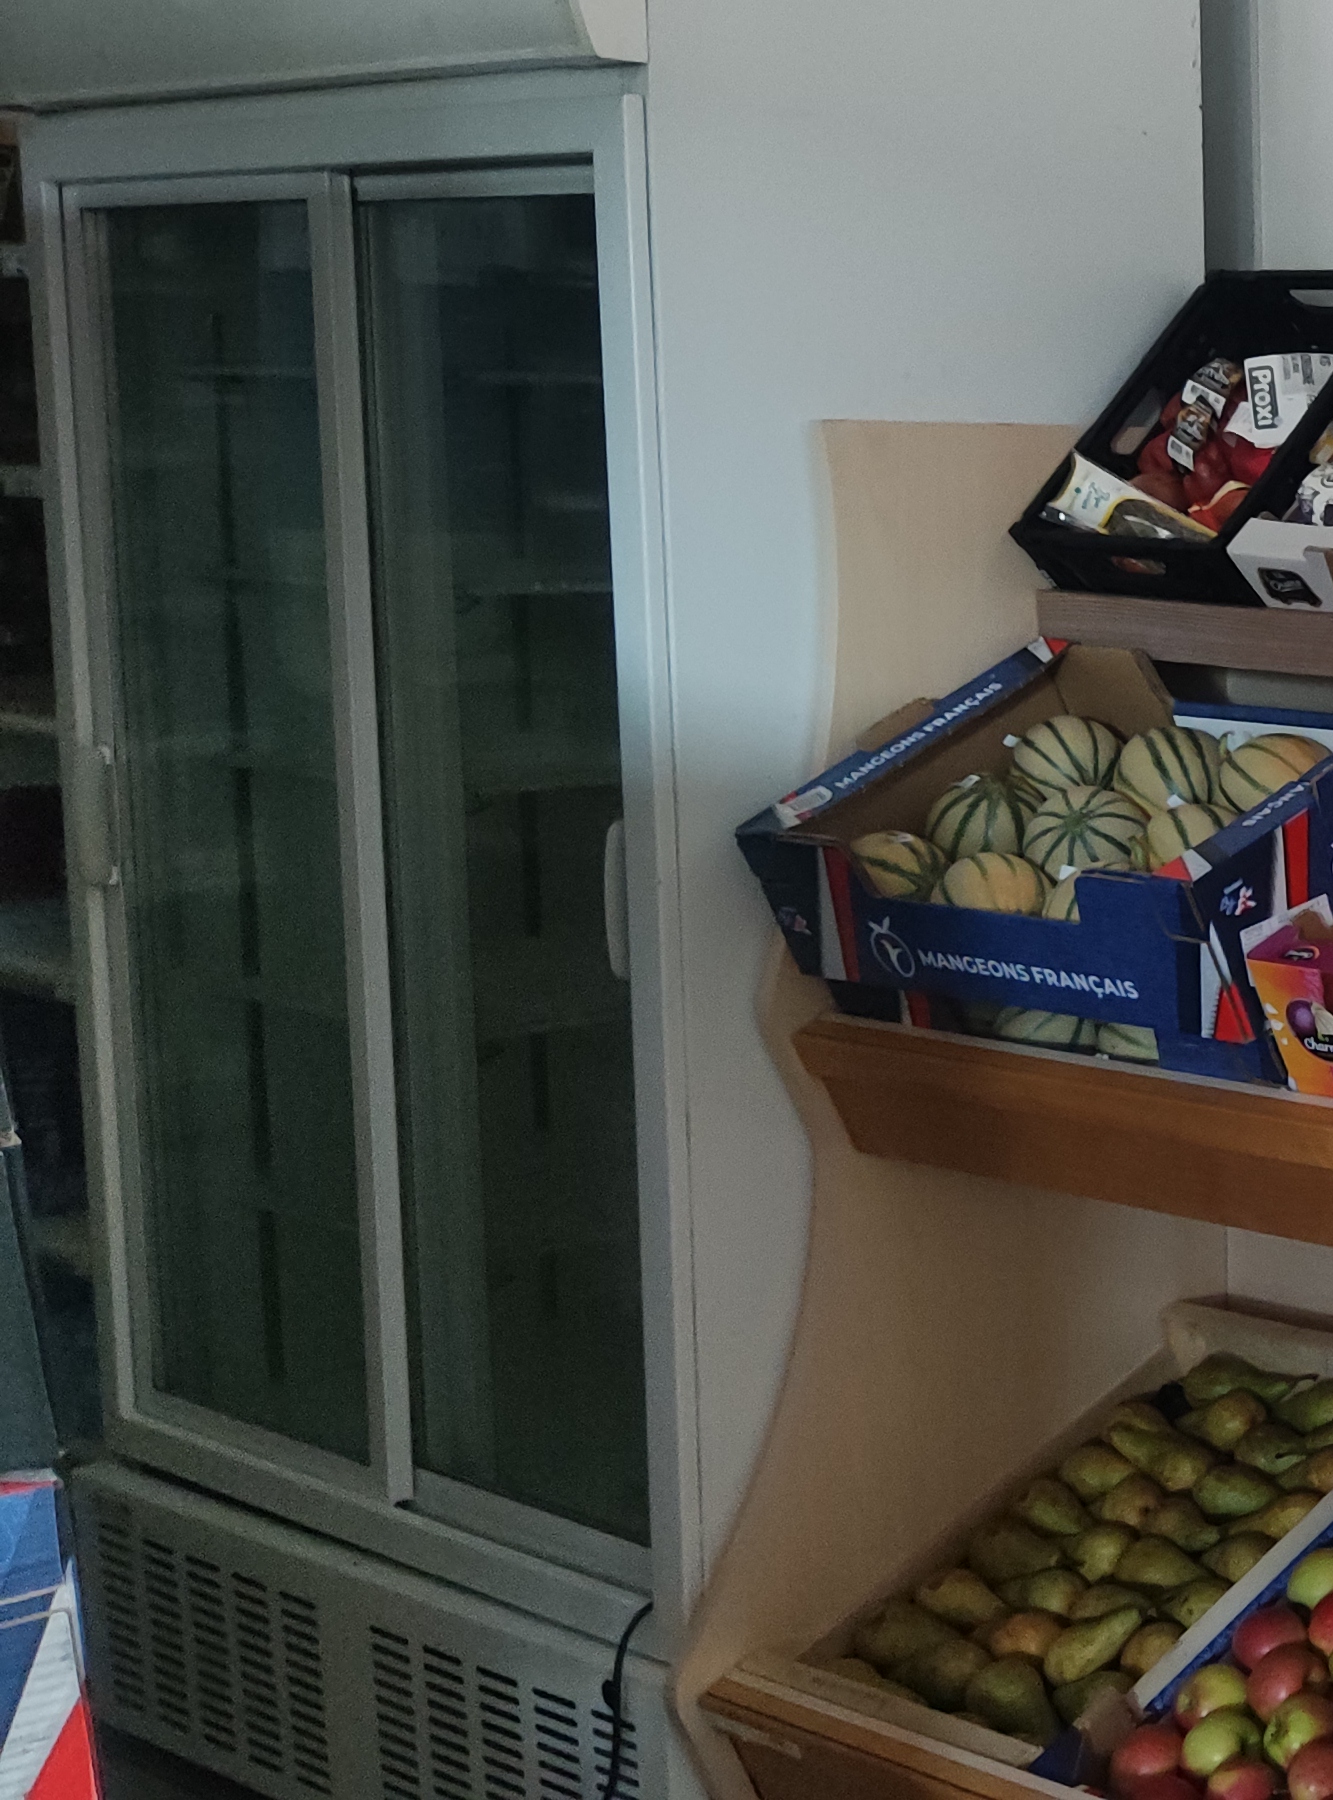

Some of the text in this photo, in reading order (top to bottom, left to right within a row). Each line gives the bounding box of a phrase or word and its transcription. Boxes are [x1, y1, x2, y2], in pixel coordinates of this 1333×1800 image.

[834, 681, 1003, 790] MANGEONS FRANÇAIS
[916, 948, 1140, 1000] MANGEONS FRANÇAIS
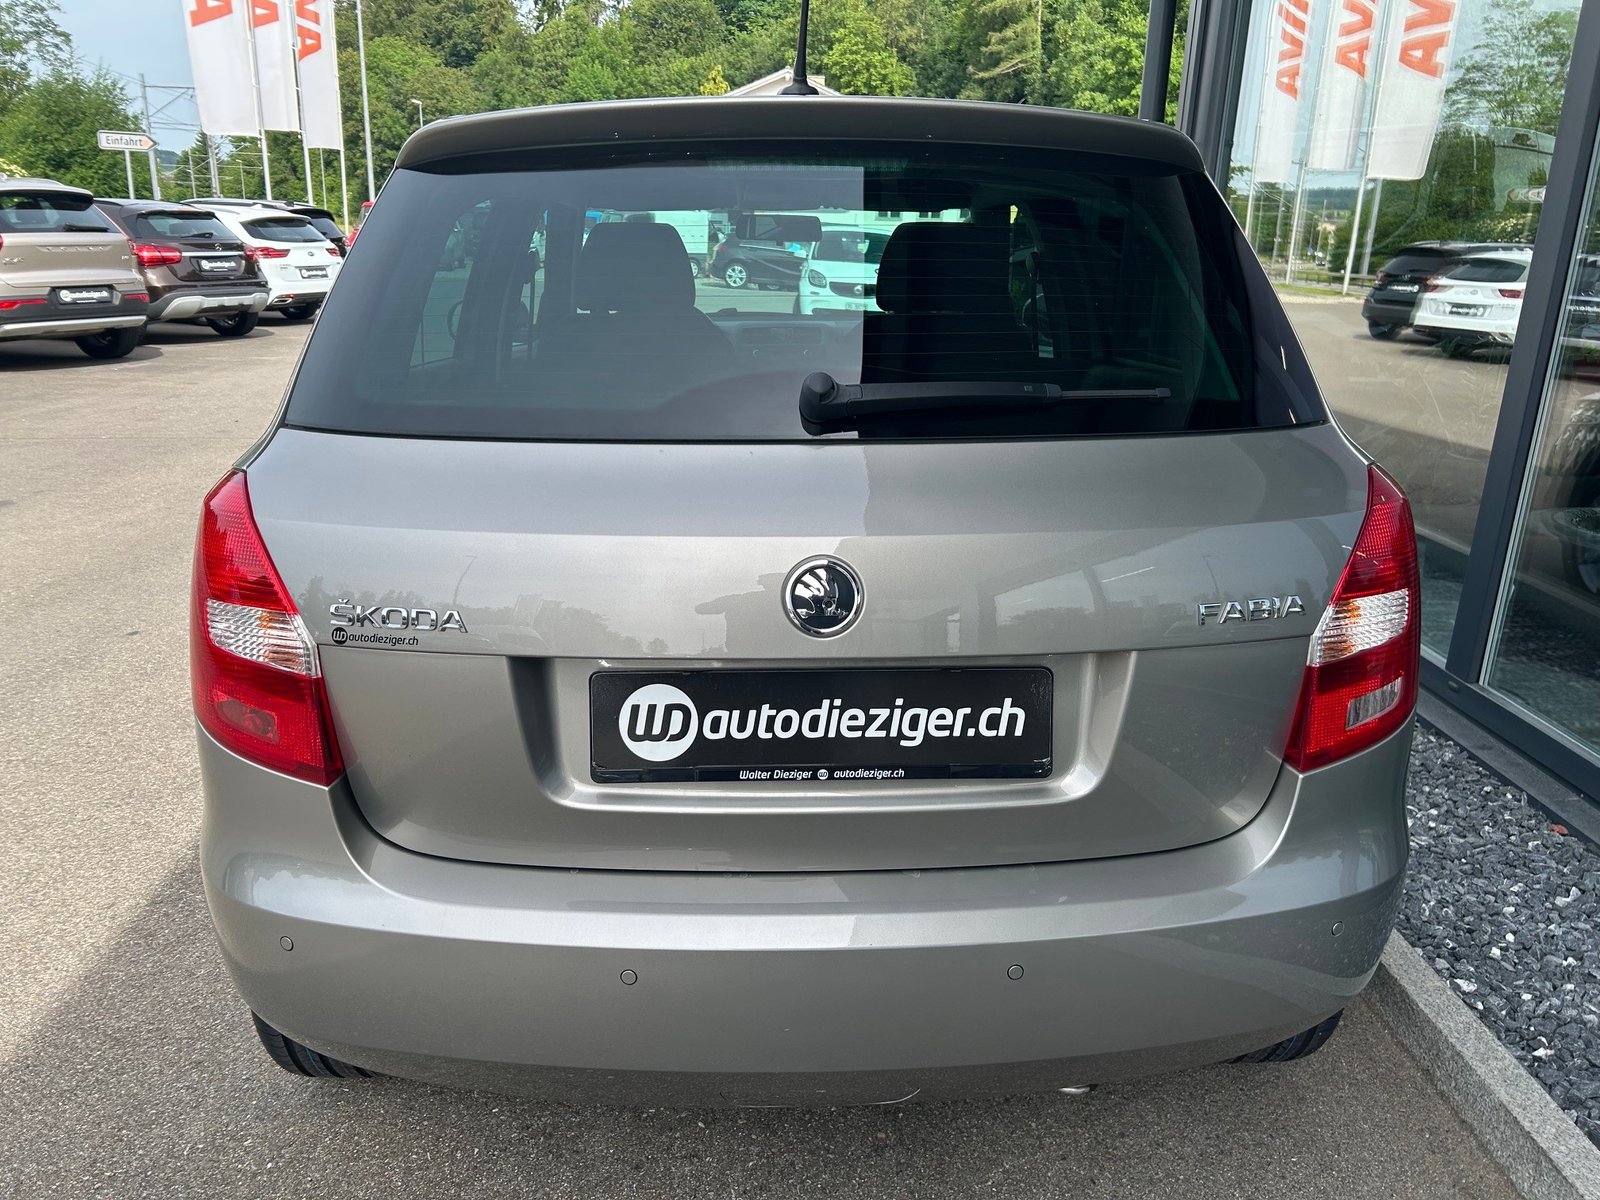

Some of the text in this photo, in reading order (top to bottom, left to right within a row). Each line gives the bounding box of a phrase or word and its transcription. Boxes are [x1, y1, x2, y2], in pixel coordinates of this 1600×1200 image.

[105, 135, 144, 147] Einfahrt
[329, 598, 468, 633] ŠKODA
[1198, 594, 1306, 626] FABIA
[348, 633, 419, 647] autodieziger.ch
[702, 697, 1026, 747] autodieziger.ch
[739, 769, 771, 780] Walter
[773, 769, 813, 781] Dieziger
[834, 768, 905, 780] autodieziger.ch
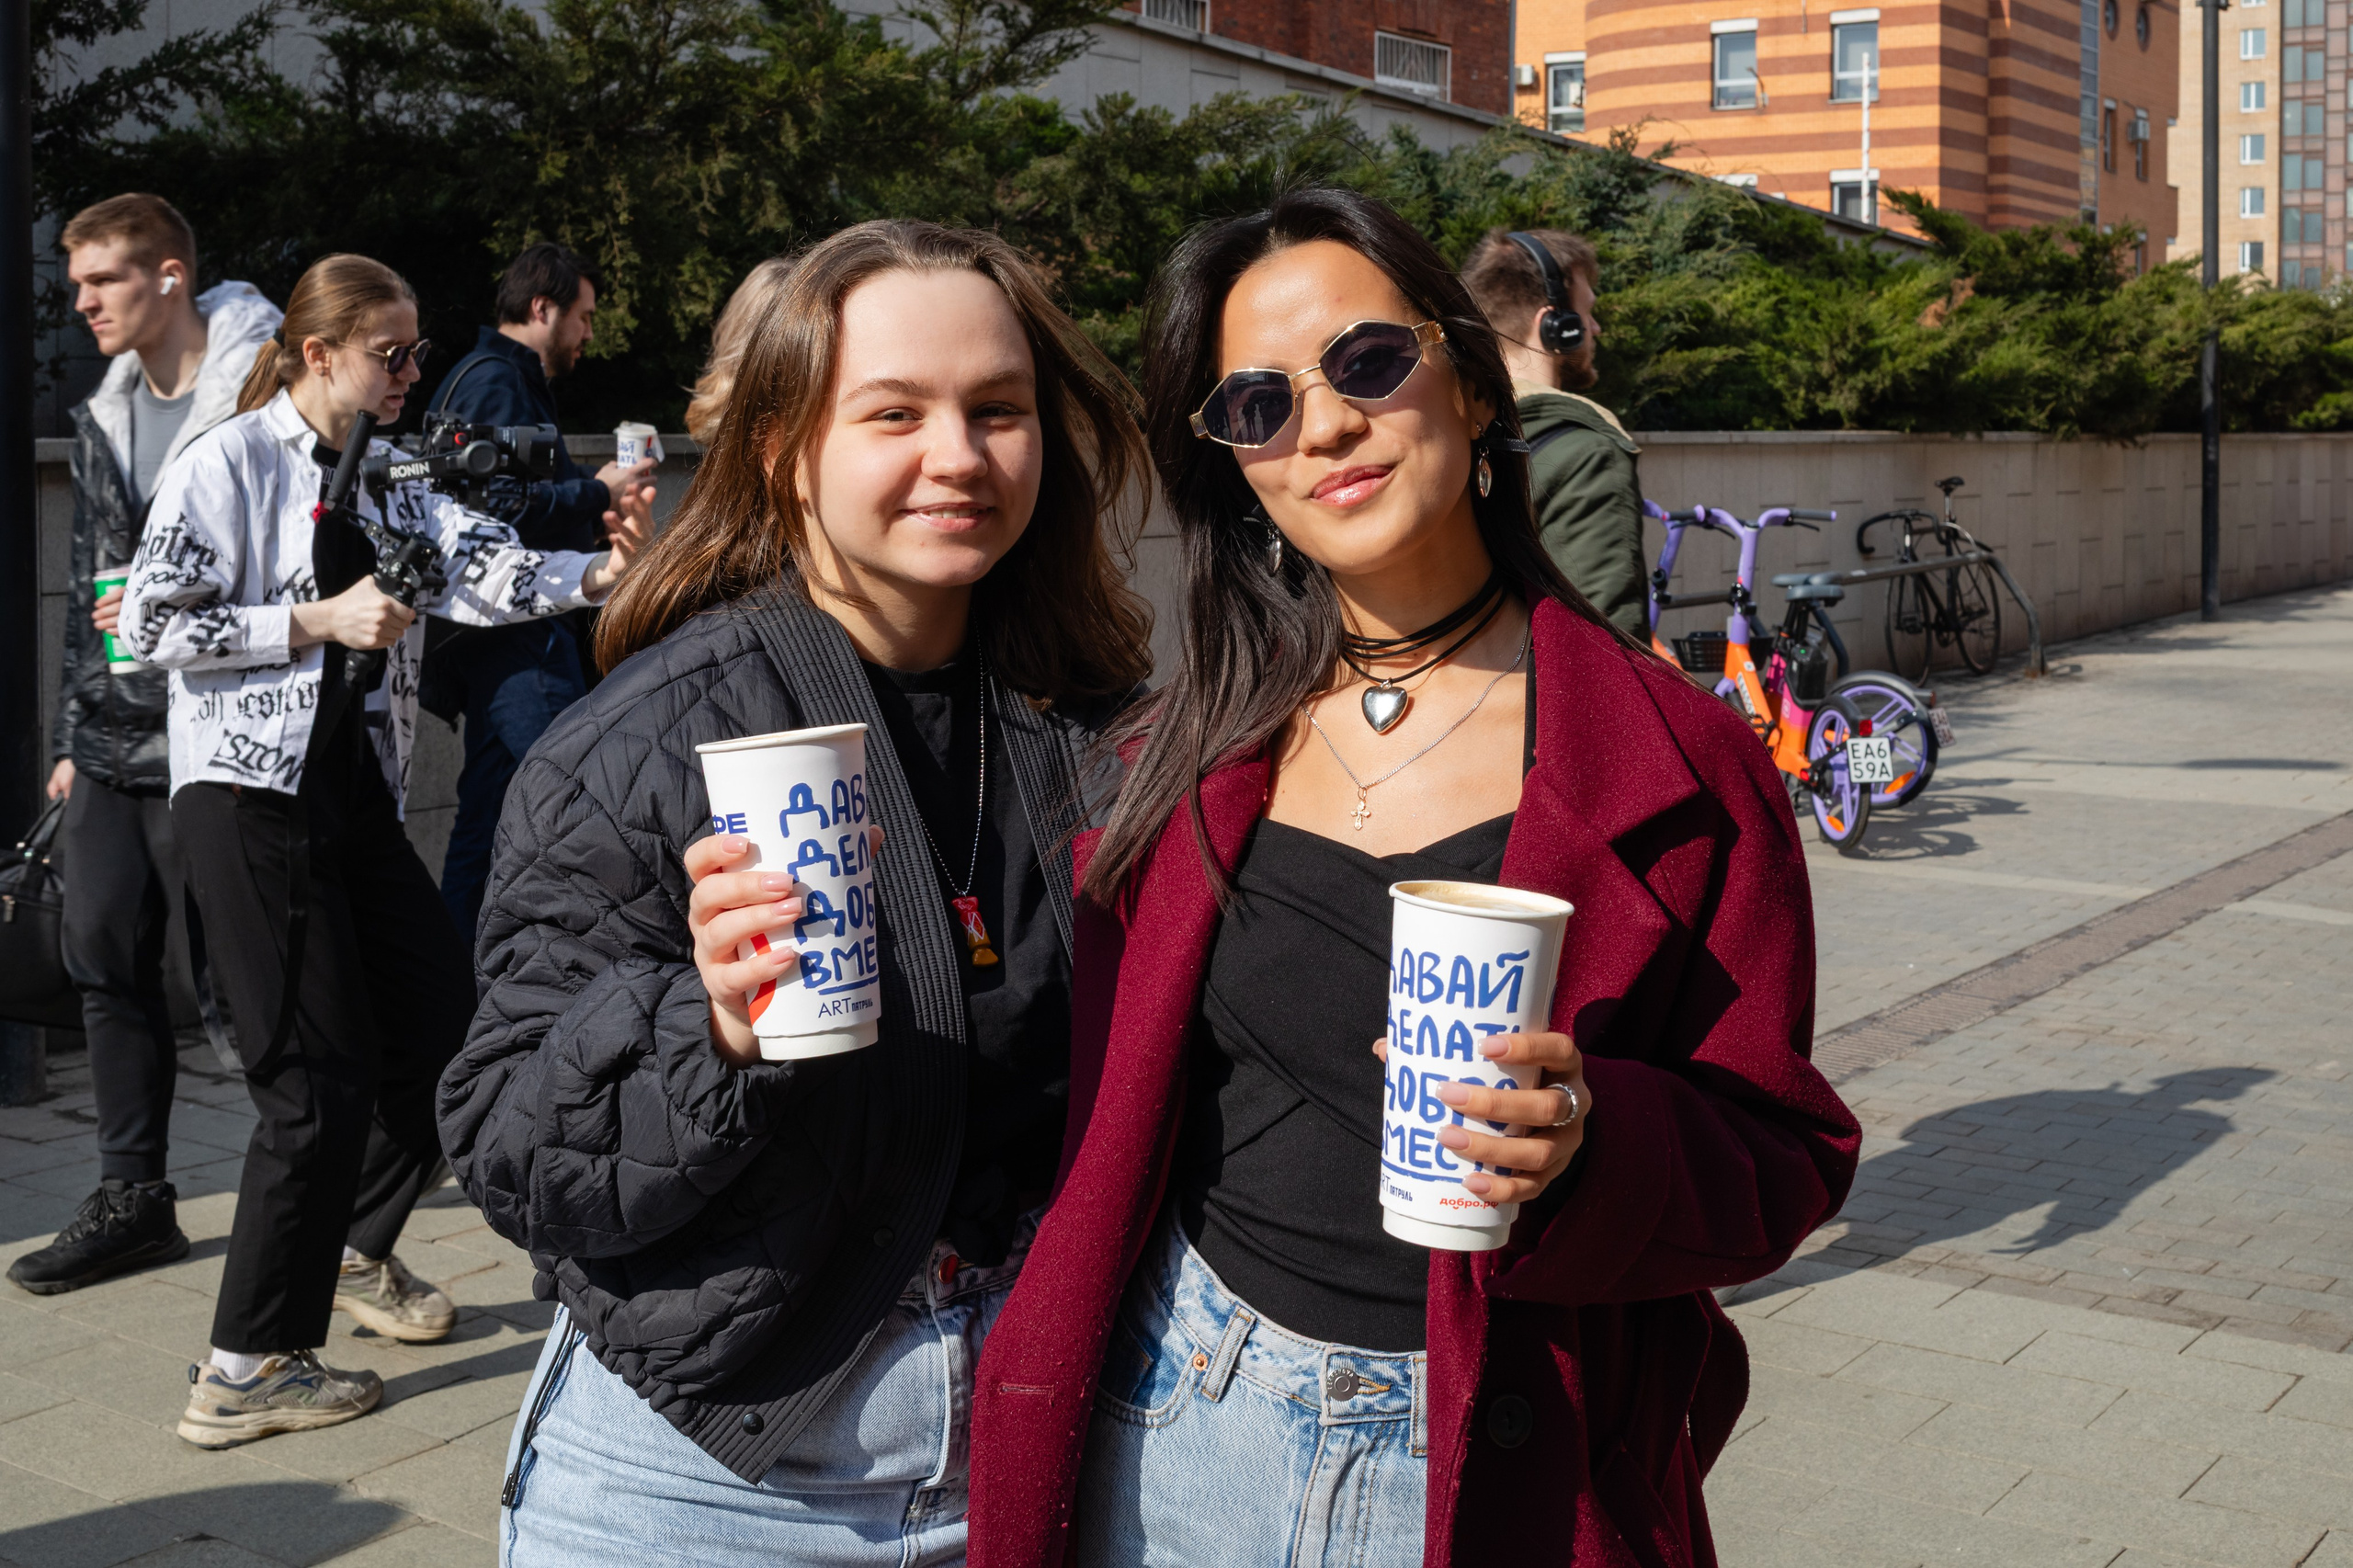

__EXERCISE GOAL__. Pictures are to be dropped; every line of the records is to be returned unchanged.

__SOLUTION BELOW__.
Some of the text in this photo, in reading order (top to bottom, left to right within a row). Each line gives the bounding box of a phrase or word and its transcription. Boxes are [x1, y1, x2, y2], in pixel coordinates of this 1333×1800 image.

[834, 681, 1003, 790] MANGEONS FRANÇAIS
[916, 948, 1140, 1000] MANGEONS FRANÇAIS

Some of the text in this photo, in reading order (top to bottom, left to right within a row). Each line gives the bounding box of a phrase or word and its transcription. Boxes are [x1, y1, x2, y2], in pixel coordinates of this 1600×1200 image.

[105, 135, 144, 147] Einfahrt
[329, 598, 468, 633] ŠKODA
[1198, 594, 1306, 626] FABIA
[348, 633, 419, 647] autodieziger.ch
[702, 697, 1026, 747] autodieziger.ch
[739, 769, 771, 780] Walter
[773, 769, 813, 781] Dieziger
[834, 768, 905, 780] autodieziger.ch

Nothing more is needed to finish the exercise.